Ciò che però sembra essere di difficile applicazione, all’atto pratico, è l’uso razionale delle mascherine all’aperto. In molti casi la regola di indossare la mascherina quando ci si trova in una condizione di sovraffollamento viene ignorata. Accade nei luoghi della movida, è accaduto per i festeggiamenti dopo la vittoria agli Europei della nazionale e succede regolarmente nelle vie più affollate delle città. In questo caso, oltre a fare affidamento sul buon senso collettivo, la strategia che potrebbe essere adottata è quella dell’irrigidimento dei controlli, con forze dell’ordine posizionate nei luoghi a più alta probabilità di assembramento per verificare che l’obbligo di indossare la mascherina così come oggi in vigore sia davvero rispettato.
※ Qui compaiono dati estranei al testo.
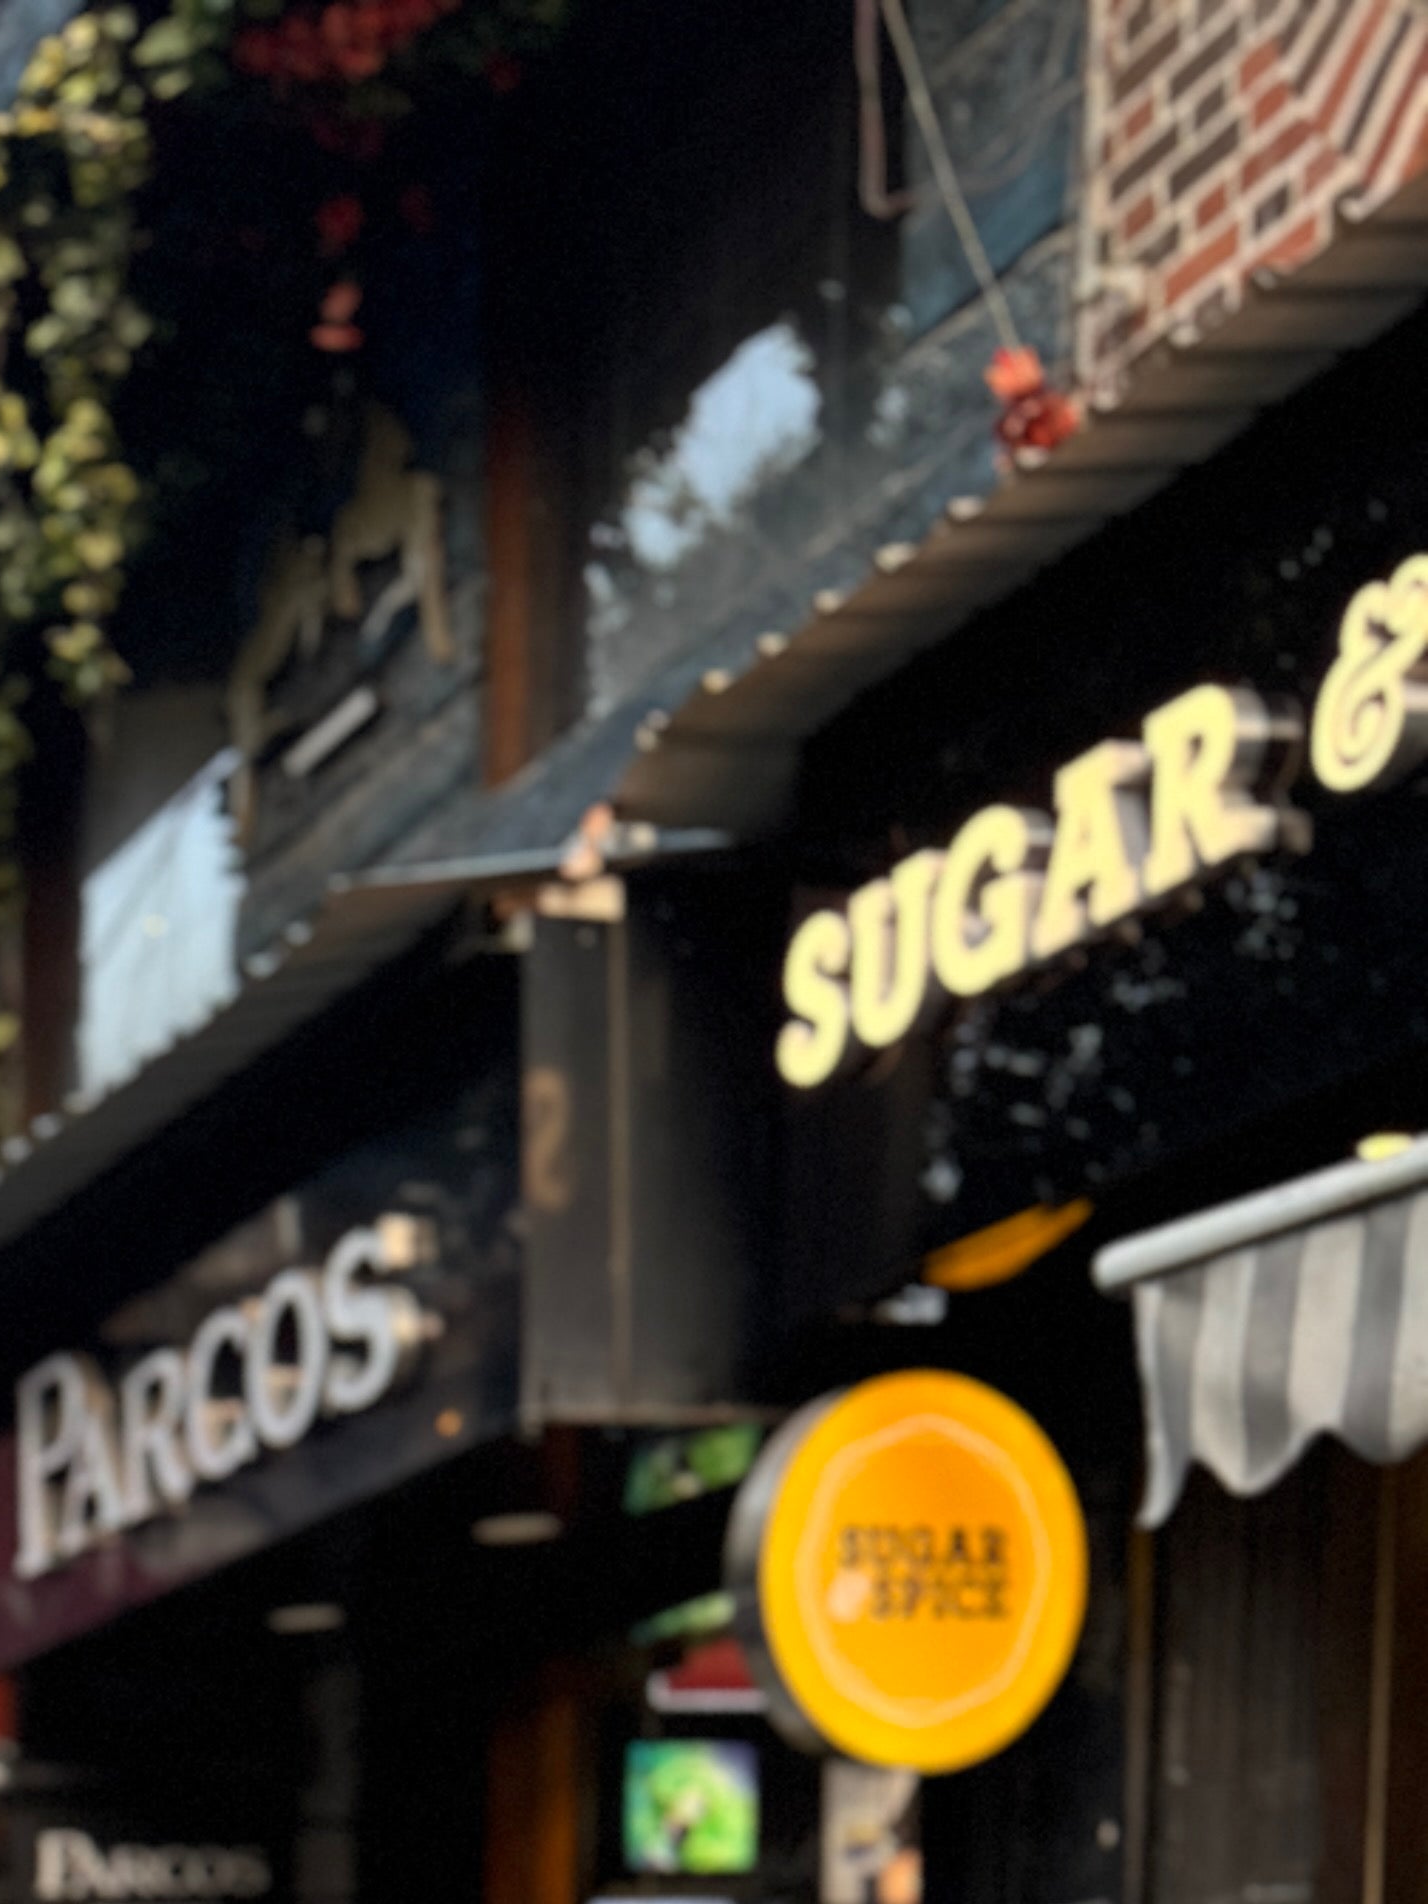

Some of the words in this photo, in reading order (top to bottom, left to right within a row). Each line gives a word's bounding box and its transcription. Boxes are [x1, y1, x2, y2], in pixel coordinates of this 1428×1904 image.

[776, 683, 1269, 1088] SUGAR
[1311, 553, 1428, 792] &
[14, 1227, 404, 1580] PARCOS
[842, 1525, 1008, 1567] SUGAR
[871, 1577, 1011, 1620] SPICE
E lo stesso dovrebbe valere anche per moltissime altre misure anti-contagio, dal distanziamento nei supermercati all’igiene delle mani, dal controllo della temperatura al rispetto della distanza minima quando ci si mette in fila, confidando che il rilassamento generale estivo non si trasformi in una totale perdita delle necessarie attenzioni.
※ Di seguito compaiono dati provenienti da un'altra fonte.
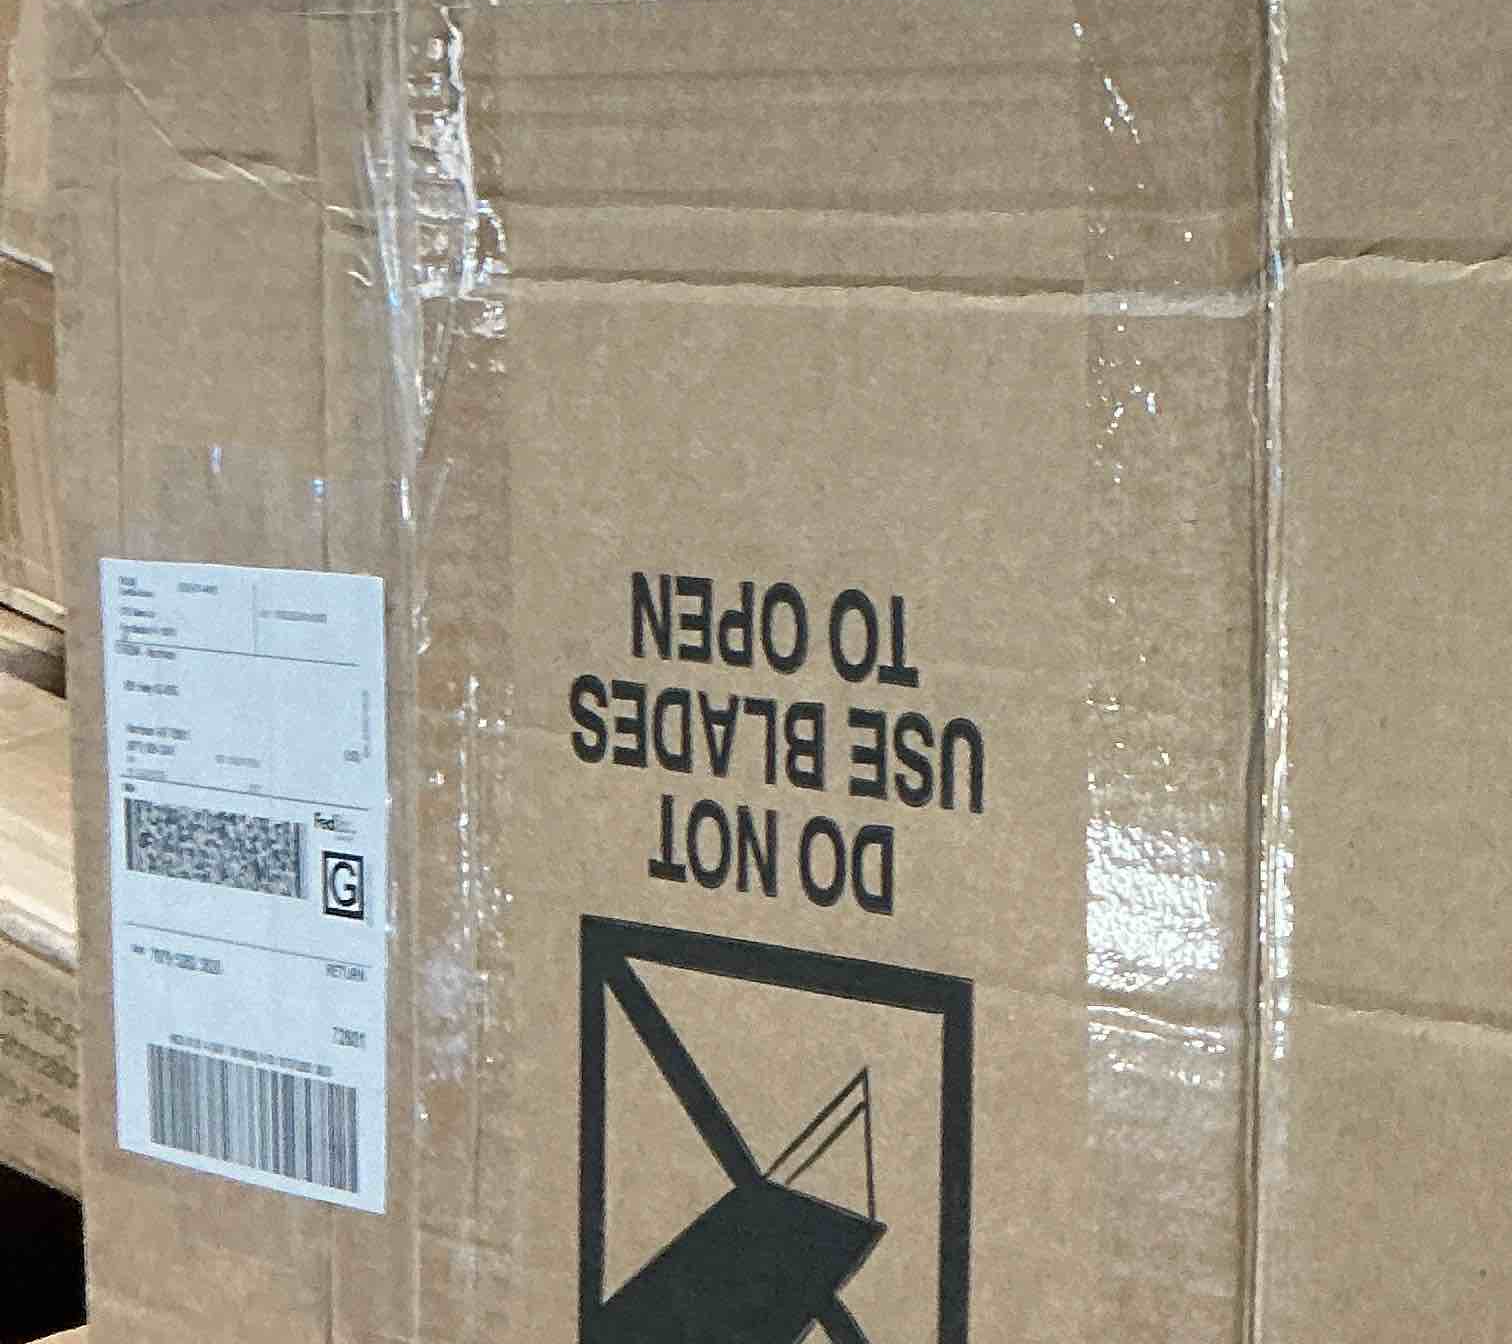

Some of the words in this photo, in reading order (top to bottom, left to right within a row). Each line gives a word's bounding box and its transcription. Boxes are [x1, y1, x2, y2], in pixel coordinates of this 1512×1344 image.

[630, 571, 808, 674] OPEN
[829, 588, 920, 688] TO
[569, 674, 825, 791] BLADES
[848, 707, 984, 814] USE
[331, 860, 357, 908] G
[648, 793, 778, 897] NOT
[799, 815, 894, 916] DO
Si tratta comunque di una situazione difficile da calibrare, come dimostra anche il caso delle discoteche. Per il momento ne è stata annunciata la riapertura, pur senza avere ancora fissato la data, ma l’aumento dei casi potrebbe fare cambiare di nuovo idea. Allo stesso tempo, però, il prolungarsi dei tempi sta facendo crescere il numero di discoteche “abusive” o “mascherate”, tanto che ci si sta ponendo il problema se sia meglio aprire ufficialmente in modo più regolamentato o se continuare a tenere chiuso favorendo il moltiplicarsi di realtà non a norma.

Viaggi all’estero con più attenzione

La variante delta è già in Italia da tempo e in ogni caso sarà impossibile anche in futuro prevenire l’arrivo e la diffusione di specifiche varianti. Tuttavia, non c’è dubbio che da quei paesi (o da quelle regioni) in cui la circolazione virale è più alta sia più probabile rientrare con il virus in corpo, così come è accaduto nella stagione estiva 2020.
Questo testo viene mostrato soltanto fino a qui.